Burns Lake becomes key hub in region’s mountain biking

Drawing tourists and newcomers to a northern village like Burns Lake calls for offering something different than other places.

While other communities in the region, such as Fraser Lake sometimes struggle to keep themselves viable, the draw, or brand of a place becomes critical to attract businesses and new people.

Increasingly over the past 12 years Burns Lake’s chief brand has been its mountain biking scene.

READ MORE: Mountain biking puts Burns Lake on the map

“We get people up there from literally all over the world. They’ve seen Burns Lake as a mountain biking destination. They make a plan of coming through this area,” Guy Epkens-Shaffer, president of the Burns Lake Mountain Biking Association (BLMBA) told Lakes District News.

It helps that Burns Lake in 2013 received an International Mountain Biking Association-designated ride centre, increasing its visibility in the cycling world.
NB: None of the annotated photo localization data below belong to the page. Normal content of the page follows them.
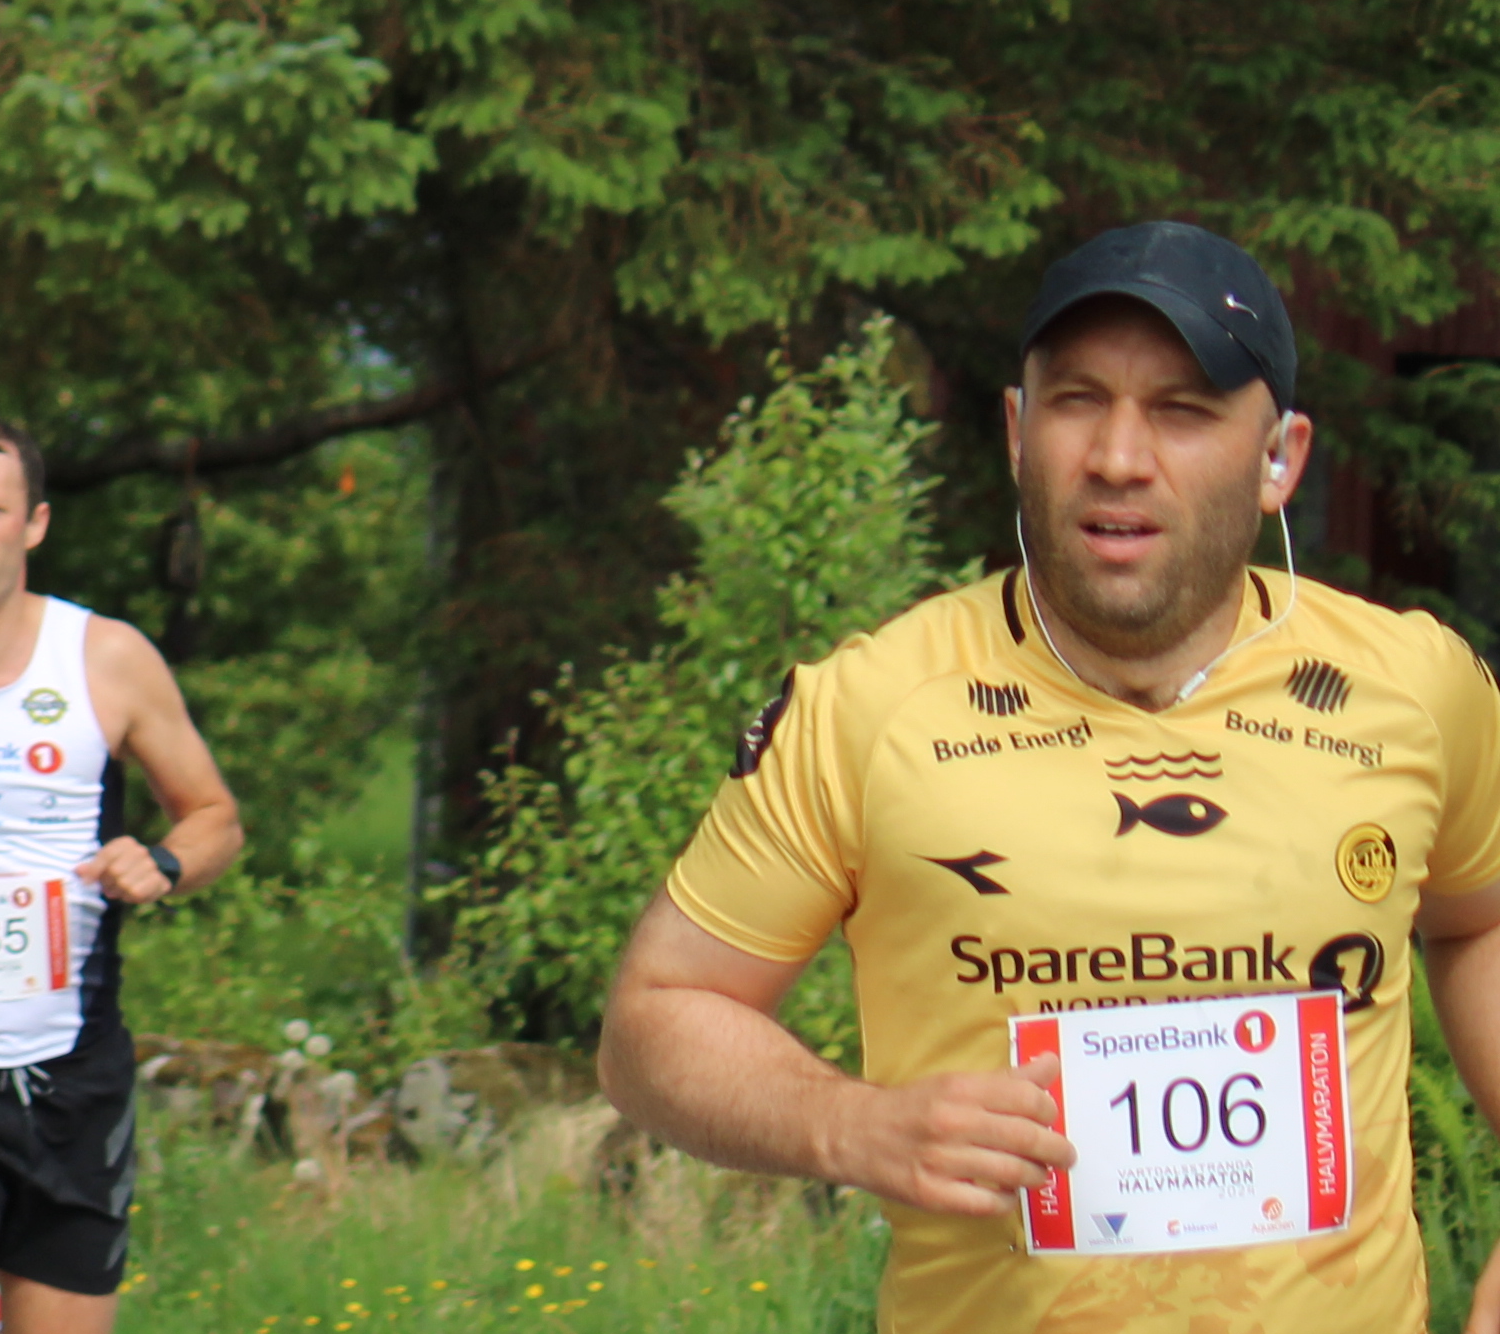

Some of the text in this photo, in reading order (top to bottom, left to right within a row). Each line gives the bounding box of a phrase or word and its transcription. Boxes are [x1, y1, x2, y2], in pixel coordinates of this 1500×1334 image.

[933, 717, 1094, 763] Bodø Energi
[1225, 709, 1384, 767] Bodø Energi
[951, 932, 1296, 994] SpareBank
[1083, 1023, 1228, 1058] SpareBank
[1109, 1072, 1267, 1156] 106
[1310, 1032, 1336, 1196] HALVMARATON
[1119, 1170, 1253, 1194] HALVMARATON
That same year Burns Lake mountain biking made it onto Explore Magazine’s ‘All-Canadian Bucket List’ of one of the top three things to do in the country.

LOOK BACK: Burns Lake top three in national bucket list

But it took years of work by local people to reach that level and in the early 2000s the village only had a handful of riders with a similar number of trails.
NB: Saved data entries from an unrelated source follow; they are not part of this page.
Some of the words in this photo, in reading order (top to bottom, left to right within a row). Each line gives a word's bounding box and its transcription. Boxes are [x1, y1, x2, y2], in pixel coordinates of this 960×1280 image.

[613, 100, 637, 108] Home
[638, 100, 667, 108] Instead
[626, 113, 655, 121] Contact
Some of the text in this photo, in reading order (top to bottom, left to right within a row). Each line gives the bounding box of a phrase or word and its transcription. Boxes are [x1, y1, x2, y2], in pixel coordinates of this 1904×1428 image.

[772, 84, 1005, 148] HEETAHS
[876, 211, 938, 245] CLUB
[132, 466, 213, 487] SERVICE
Efforts and funding opportunities picked up pace and in 2006 the BLMBA was formed, with Kevin Derksen serving as the first president until 2014.

Each year new trails were built for different types of biking and a single shuttle road for downhill trails was linked “back to the main trailhead [with] camping, swimming and canoing on site to complete the visitor experience,” said Derksen, who works as a computer technician with the Nechako Lakes School District.

“We have worked towards creating the kind of experience we want when we travel to other destinations.”

As the visiting rider numbers grew, so did the attention, and in 2010 Bike Magazine published an eight-page photo package calling Burns Lake ‘Canada’s Mountain Bike Nirvana’.

In addition to rising numbers of bike tourists seeking to hit the trails, Epkens-Shaffer said he knows of several people who moved here for work and for whom the mountain biking was the main draw.

Now that Burns Lake has solidified itself as a mountain biking destination, the BLMBA president said work has begun on highlighting the village as part of a regional network.

“We tried to work on the Highway 16 corridor branding. A few hours drive and you get different mountain bike areas…from Valemount to Terrace,” he said, pointing out that most communities through that area including Prince George, Fort St. James, Smithers and Terrace have strong mountain biking trails and infrastructure.

A big challenge for resource industry-based northern communities in achieving visibility for something other than fishing or hunting is that their design and culture was planted there by southerners, explained architect Bruce Mau, who is originally from Sudbury, Ontario.

“[The northern resource town was] an industrial project, to give workers a place to live. It wasn’t a kind of aesthetic project or cultural project,” said Mau, whose northern hometown was dominated by nickel mining for most of the 20th century.

To tap into a place’s beauty and attract people, small communities should consider what makes them unique and use their local knowledge.

In the case of Sudbury, he cited Laurentian University’s McEwen School of architecture’s “tri-cultural project” that joins Indigenous, English and French people together to focus designing buildings of wood, an abundant local resource.

Though there are many differences between Burns Lake and Sudbury, the goal for both northern communities is attracting people based on local charm.

“It’s not about an image or a logo or a quick fix. It’s about making the place itself tell that story,” he said.